今年は本格的にマーケティングを勉強したいと思い手に取った書籍
タイトルどおりドラッカーのマーケティングエッセンスを抜き出したものであるが、マーケティングの原理原則を探求するためのヒント隠されている。
マーケティング手法についての書籍は数多くあるが、その前に本書を通じて自分なりの原理原則を感じとっておくのがよいと思う。
たとえば、本書を通じて見えてきたマーケティングの原則とは
「企業の目的とは顧客の創造であり、マーケティングは常に顧客から出発する」
「顧客を理解し、製品とサービスを顧客に合わせ、おのずから売れるようにすること」
「何を価値とするか、意味があるかどうかは顧客と市場が決める」
「顧客にとっての価値を自らの都合のみで想像してはならない。

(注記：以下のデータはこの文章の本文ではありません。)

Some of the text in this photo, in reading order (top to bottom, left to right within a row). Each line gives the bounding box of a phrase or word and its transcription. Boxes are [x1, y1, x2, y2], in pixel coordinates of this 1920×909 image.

そのためには、顧客のところへ出かけ、直接声を聞かねばならない」
「相対的な比較の中で、競合よりも優れた何かしらの提供価値が不可欠」
などである。
もちろん人それぞれ、価値観や置かれている環境によって感じることは異なるが、誰にとってもヒントにな」ることは2,3つ必ずあると思う。
また、各テーマに対する著者の解説も原理原則を探求する一助になると思う。
毎晩遅くまで休日も休暇もなく頑張って働き、勤勉といわれる日本人。しかし、相変わらず閉塞感は払拭できず、疲弊している同士は少なくない。

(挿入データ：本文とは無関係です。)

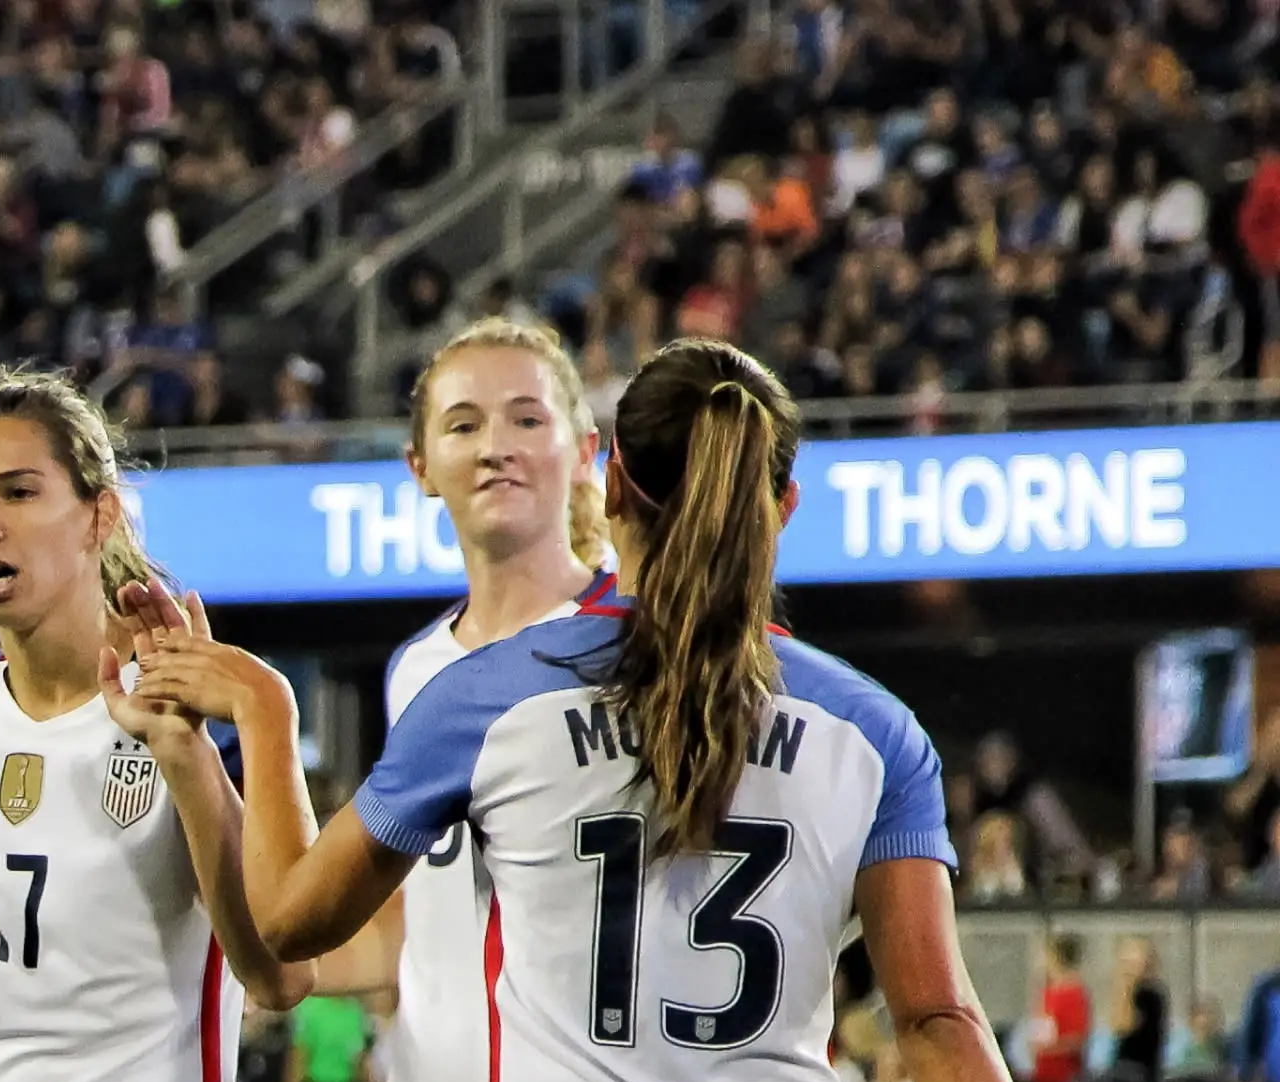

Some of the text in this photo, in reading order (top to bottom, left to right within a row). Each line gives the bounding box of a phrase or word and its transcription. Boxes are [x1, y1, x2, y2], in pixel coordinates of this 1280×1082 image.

[826, 448, 1187, 558] THORNE
[111, 759, 153, 785] USA
[574, 811, 794, 1051] 13

なぜなのか、それは我々の「頑張り方」が間違っている、あるいは時代に通用しなくなっている側面があるからではないのか。
温故知新は大切なことである。一方で、米アップル社のように顧客を「創造する力」も成熟社会には必要である。
過去の成功体験やスタイルに固執するばかりでなく、社員の頑張りが報われるようにしなければならない。そのために企業は「正しく頑張る方法」を頑張って考えなければならない。そのためにマーケティングは必要不可欠なものであると痛感する。